Focusing on the “power of SDG 17, which provides for partnership for the goals, the series mentions that ‘this final goal could be easily overlooked by cynics as an administrative add-on, aiming merely to scoop up financing. It is here, however, that the goals’ power is hidden within broad indicators such as “policy coherence” and “multistakeholder partnerships”.’

Selected form over 300 responses to global call for proposals, the studies vary in terms of their setting, breadth of scope and time span.

“We thought to ourselves, what case studies are out in the world that have focussed on these areas and have nailed the dot and have really proved that they bended the curves on preventable deaths or have really improved health and well-being. So, then, we did a broad call for proposals on the six thematic areas. We got over 310 proposals with countries mentioning their acts and initiatives. We put together a Global Steering Committee that assessed these proposals and filtered them down to 70 based on their relevance,” shared Fogstad with Delhi Post.

“Because, we were looking for projects that could be scaled up, some of them didn’t make the cut because they were yet to even start,” she added.


Also read: ASHAs, MLPs and betterment of primary healthcare

While Chile Crece Contigo (Chile Grows with You, ChCC) is a comprehensive social protection policy focussed on prenatal period and on children aged 0-4 years, Cambodia’s ID-Poor is a collaborative effort between education, health, agriculture among others to ensure identification of poor households in need. Similarly, Malawi has a toll-free hotline for access to health and nutrition information and Malaysia has subsidised human papillomavirus (HPV) to immunise women against cervical cancer. Sierra Leone’s participatory radio programme has sensitised communities during the Ebola virus while despite instability, Afghanistan has shown progress in access to primary health services.

According to the series, there are four key takeaways. Firstly, as with the universality of the SDGs, multisectoral collaboration has ‘relevance across diverse geographical, economic, social, cultural, and historical contexts and – crucially – the modalities employed are remarkably similar across settings’. “There is knowledge base to share on what works in multisectoral collaborations,” according to the series.

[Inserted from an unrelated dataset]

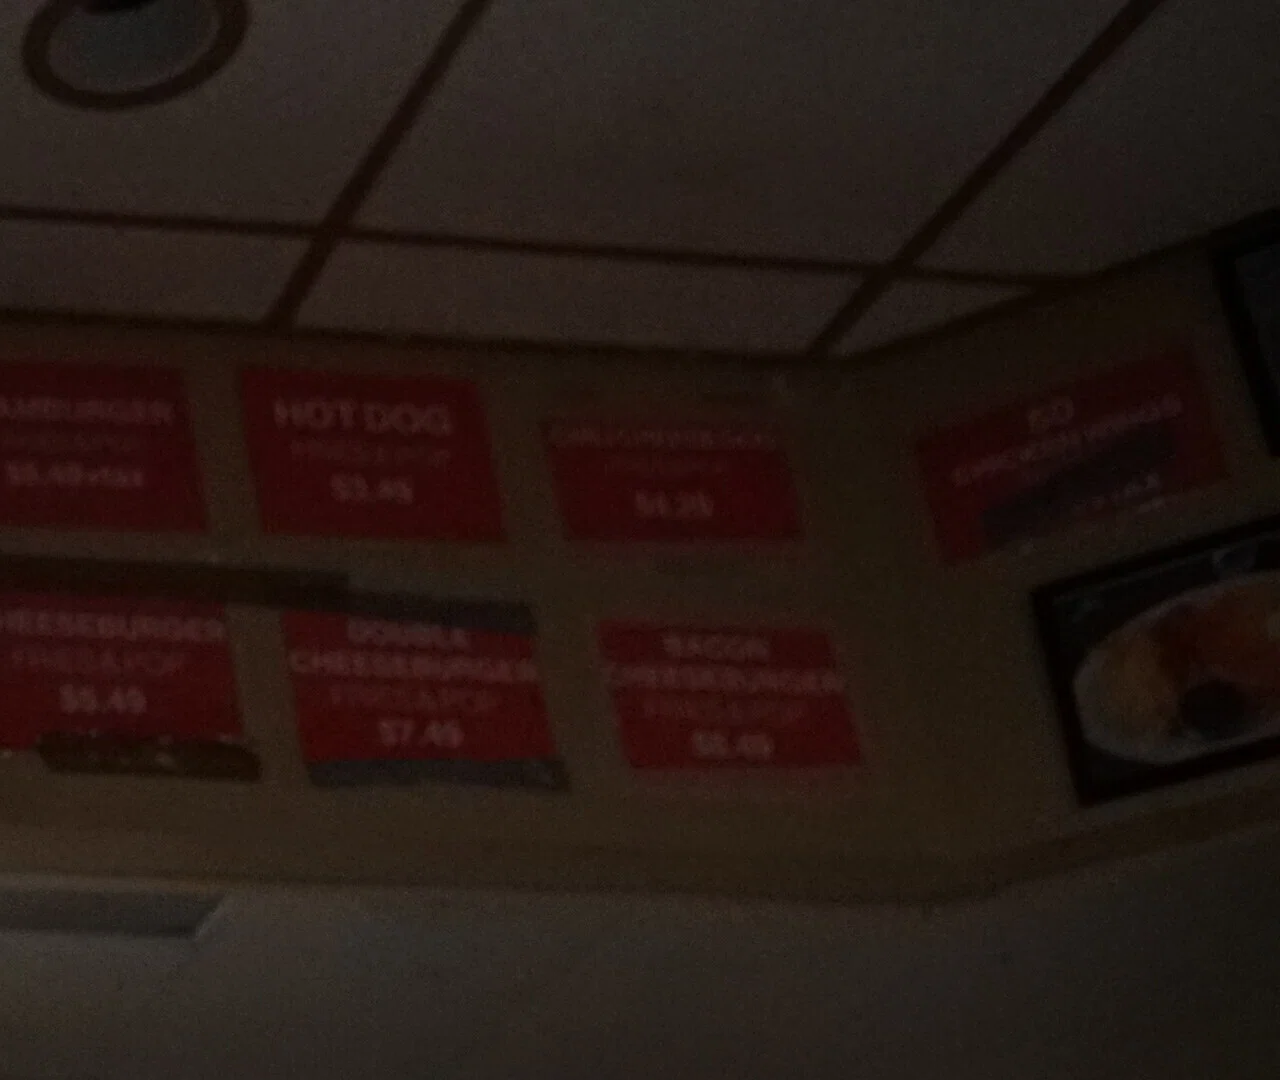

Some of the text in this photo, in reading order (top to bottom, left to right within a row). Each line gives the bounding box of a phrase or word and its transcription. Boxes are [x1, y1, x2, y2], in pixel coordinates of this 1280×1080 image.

[273, 397, 454, 437] HOT DOG
[290, 650, 537, 684] CHEESEBURGER
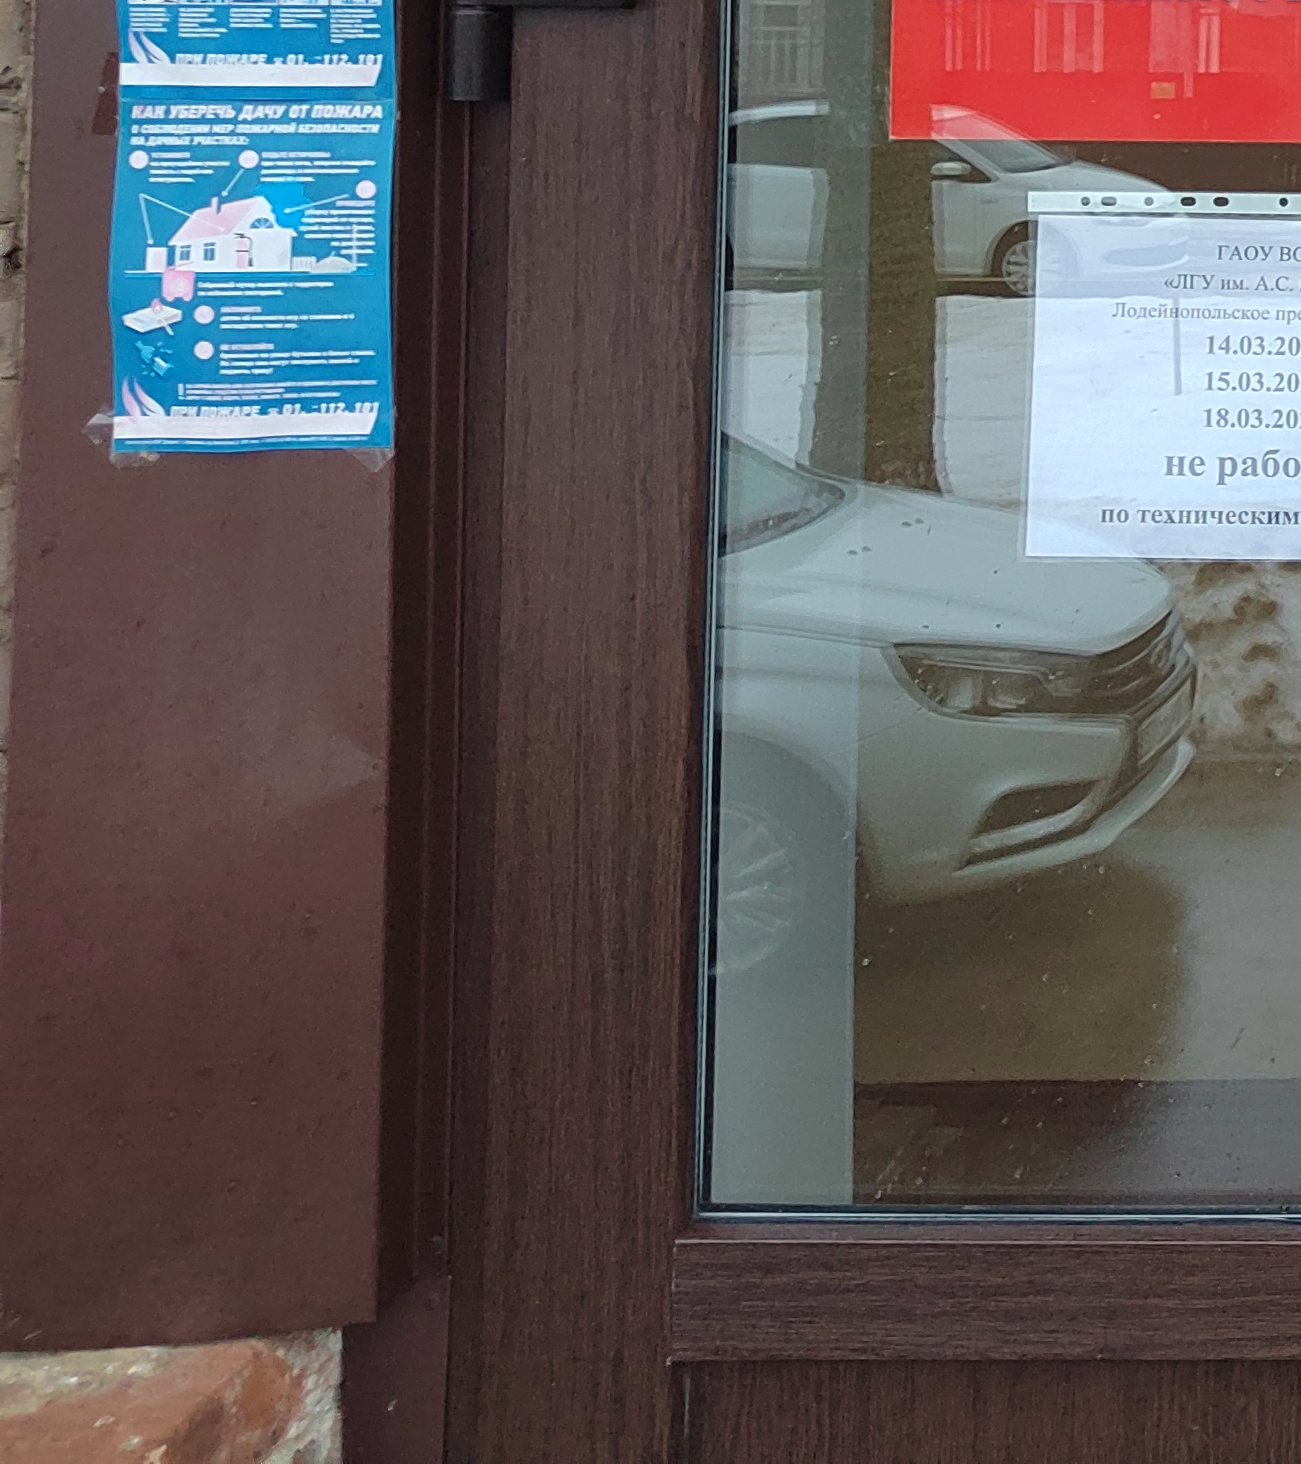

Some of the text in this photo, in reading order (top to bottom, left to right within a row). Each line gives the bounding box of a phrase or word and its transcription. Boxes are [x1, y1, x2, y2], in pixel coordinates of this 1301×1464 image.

“Also, the case studies show the “dynamic” and “evolving nature” of multisectoral collaboration.”

Thirdly, they aim at disrupting “business as usual” arrangements and replacing them with “intentional, innovative actions” framed in a way that multiple sectors can contribute. And lastly, allowing the projects to scale up can help development partners and governments to learn from each other.

“These 12 are the cornerstone of the theme of this partnership forum. It is what has worked cross-sectoral that has been scaled up in some way to bend the curve of preventable deaths and heighten the well-being,” Fogstad told Delhi Post.